Notable organizations such as Qatar Business Incubation Center have dedicated themselves to assisting young startups in establishing solid business foundations,” says Steve Mackie, partner at Soutien Group and co-founder of Business Startup Qatar.
Mackie also underlines that despite its smaller population, “Qatar is an ideal ecosystem for startups to thrive. The government supports entrepreneurial dreams, and the private sector engages with startups. Any industry can be pursued as long as entrepreneurs conduct thorough market research and identify a ‘problem’ that demands a solution.”
As they develop growth strategies, fintech startups, particularly those operating in the online payment sector, are currently experiencing fierce competition from global players like Apple Pay, Samsung Pay, and Google Pay. These multinational giants are actively vying to be part of Qatar’s burgeoning fintech landscape and capitalize on its success.
Ahmed Isse, Co-Founder of Dibsy, a fintech startup helping businesses in Qatar accept online payments from customers around the world, admits to the pressure but believes a few things set homegrown startups apart.
“The integration and onboarding have been a long and hard journey for us. Earlier, online payment was considered bad practice. It took us time to assure people and educate them about its benefits. We went to merchants and helped them integrate it into their systems. If you look at things from that perspective, while we may be similar to international fintech startups, we are not just a copycat. We bring in localization, and that is where we will win,” says Isse.
Apart from compliance and integration, keeping track of technological advancements and focusing on expansion — both in their target markets and GCC––have been at the top of the agenda for many startups.

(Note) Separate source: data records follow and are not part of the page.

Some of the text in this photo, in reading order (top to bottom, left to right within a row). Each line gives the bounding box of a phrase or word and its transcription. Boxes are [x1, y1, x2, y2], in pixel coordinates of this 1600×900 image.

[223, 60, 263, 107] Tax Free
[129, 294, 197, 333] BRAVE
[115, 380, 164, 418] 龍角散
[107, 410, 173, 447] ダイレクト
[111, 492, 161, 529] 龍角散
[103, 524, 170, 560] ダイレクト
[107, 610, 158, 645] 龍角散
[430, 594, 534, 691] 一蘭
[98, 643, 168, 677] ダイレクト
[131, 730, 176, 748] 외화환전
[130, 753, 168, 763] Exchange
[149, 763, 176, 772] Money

“We have assembled a competent team that keeps us abreast of the latest technological developments. Initially, we were focused on SMEs, but now expanding to government and larger organizations, which requires different tactics and planning,” says Skip Cash’s Al Delaimi.

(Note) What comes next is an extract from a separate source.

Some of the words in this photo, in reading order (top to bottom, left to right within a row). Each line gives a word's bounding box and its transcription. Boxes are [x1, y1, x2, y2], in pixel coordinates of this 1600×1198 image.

To grow its GCC footprint, his company is also reaching out to various venture capitalists (VCs) for support.
The challenges are numerous, says CWallet’s Javier, but “Risk & Fraud, both internally and externally,” is a major concern.
“To mitigate this, we need to put strong and compliant policies and procedures in place along with internal and external audit systems. And this requires a lot of resources and time. That’s why startups are constantly raising funds to manage compliance while growing the business,” he says.
Isse also points out the need for “more investment” in the sector to stay updated with technology and, more importantly, “to attract technical resources and retain them.”
The new fintech strategy has primed the sector for new players with fresh ideas, and tech experts are confident this will also usher in new investment.
“We expect many players to come in, both Qataris and non-Qataris. Perhaps some new angel investors will join the community, and there will be an establishment of local VCs and dynamic collaborations between banks and fintech startups to produce innovative and regulated business models with regard to alternative finance, open banking, credit, and Buy Now Pay Later,” says Javier.
The market adoption of fintech solutions is on the rise, says Al Delaimi, and counts Buy Now Pay Later services and finance management solutions as potential areas for growth.
“Smart payments at government entities, cashless schools, open banking, and Buy Now Pay Later services implemented in sectors beyond retail are some of the other developments we will see very soon in Qatar’s fintech industry,” he says.